Map the handshake points explicitly in every project kickoff, vendor to SI, SI to client IT, client IT to client HR, client HR to business owners. Name who owns each seam. Not the team. The person. When attrition happens mid-project, and it will, trigger an immediate handshake audit. Do not wait for the project manager to flag it. You will see it first.
For implementation leaders. Your RACI assigns tasks. It does not assign seams. That is the gap.
Add a Handshake Register to your governance model, a living document that maps every transition point, names the owner on each side, and tracks the last confirmed exchange. Review it in every steering committee. Not the tasks. The seams. When a team member leaves mid-project, treat it as a project risk requiring immediate escalation and formal knowledge transfer, before the replacement starts, not after.
In my implementations, I address this by introducing a Handshake Register at project initiation, a dedicated governance artifact that explicitly maps every seam between workstreams, names a responsible owner on each side, and tracks the last verified exchange at every major milestone. It is not a status report. It is not a RACI extension. At minimum, it tracks: seam owner on both sides, last confirmed exchange date, and next dependency. Projects that explicitly govern seams surface failures earlier and reduce late-stage surprises, before they reach go-live, before they become war stories in a lessons learned meeting.
For clients. Your internal attrition is an implementation risk, not eventually, immediately.

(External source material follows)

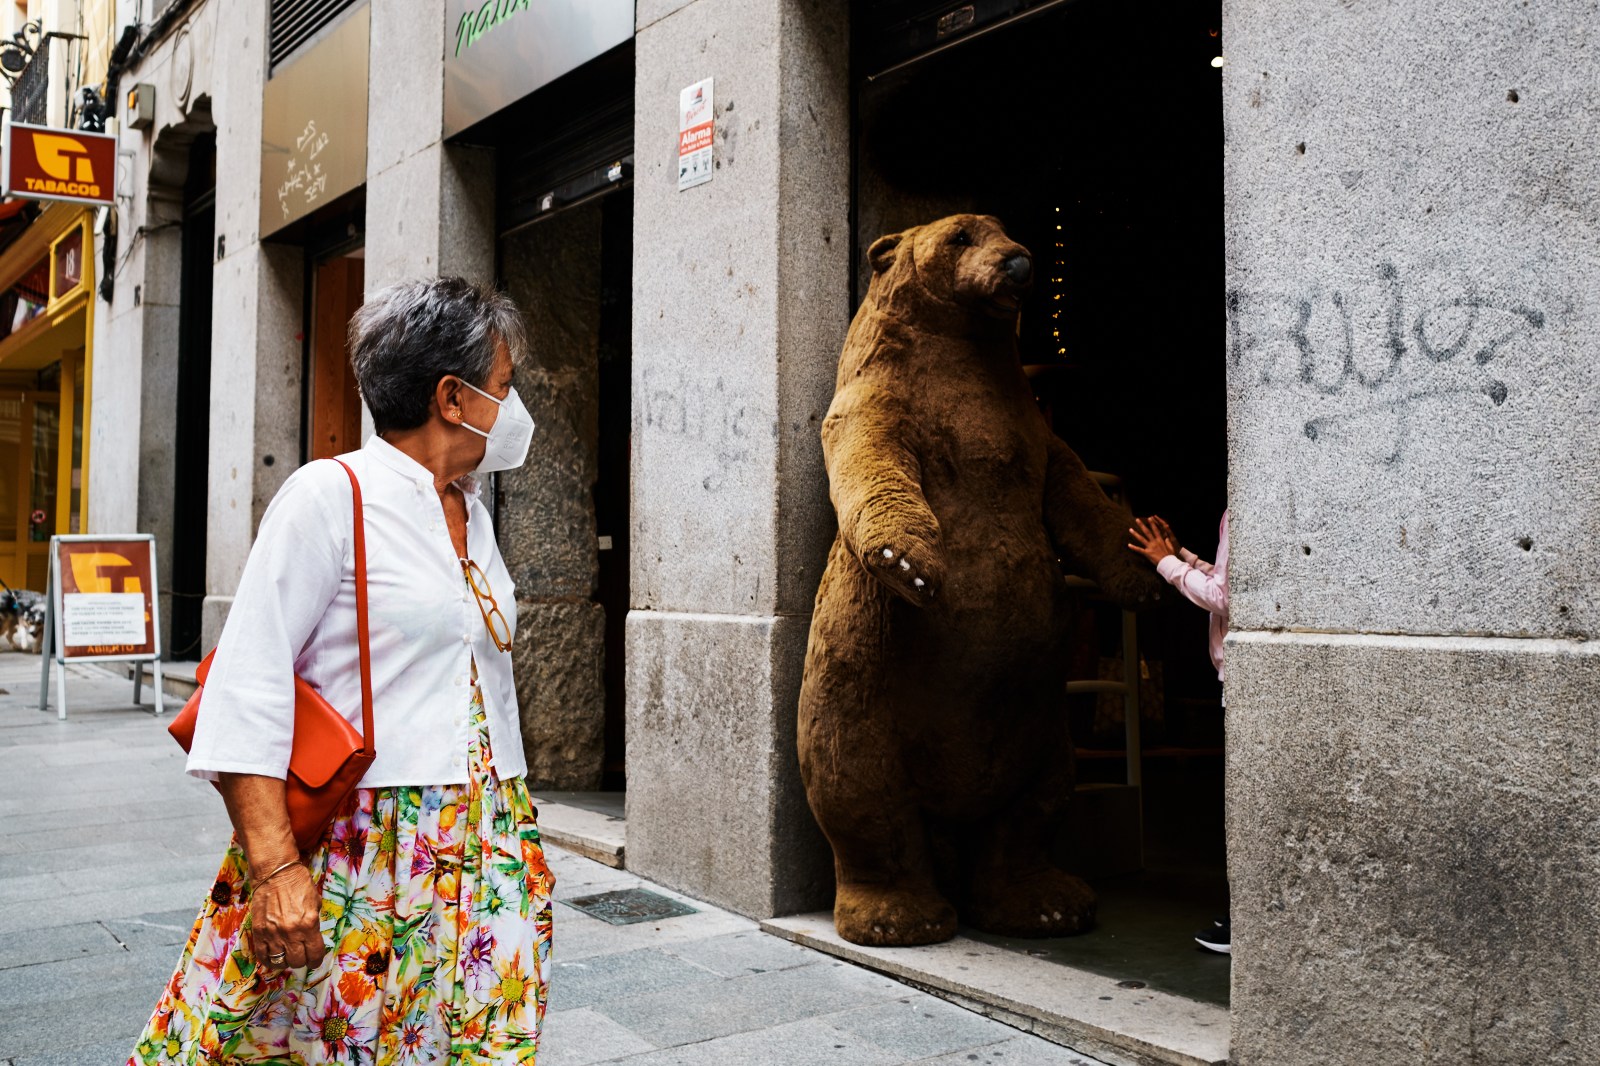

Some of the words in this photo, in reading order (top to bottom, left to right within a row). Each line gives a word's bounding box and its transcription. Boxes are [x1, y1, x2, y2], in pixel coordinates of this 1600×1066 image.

[681, 126, 711, 147] Alarma
[25, 178, 100, 197] TABACOS
[65, 248, 75, 279] 18

When someone leaves mid-project, the first call is not to HR. It is to your project manager and SI lead. The question is not “who will cover their work.” The question is “what handshake points did they own, and who owns them now.” Do not assume your vendor or SI will catch what your team dropped. They are watching their own seams. Nobody is watching yours unless you assign it explicitly.
Why AI Accelerates the Silent Handshake
The ERP ecosystem has never been more capable. Faster configurations. Deeper partner ecosystems. Higher certification standards.
And yet AI is not solving the Silent Handshake. It is accelerating it.
Here is the mechanism, layer by layer.
AI-assisted onboarding tools give replacement team members faster ramp-up, without transferring the relational and contextual knowledge that the departing employee carried. The Transition Gap closes on paper faster than ever. The knowledge gap underneath it widens.
Automated delivery confirmations, AI-generated acknowledgements, workflow triggers, system notifications, create the appearance of a completed handoff without human verification that the right artifact reached the right person at the right stage. The Assumption Gap now has a paper trail. The seam is still unowned.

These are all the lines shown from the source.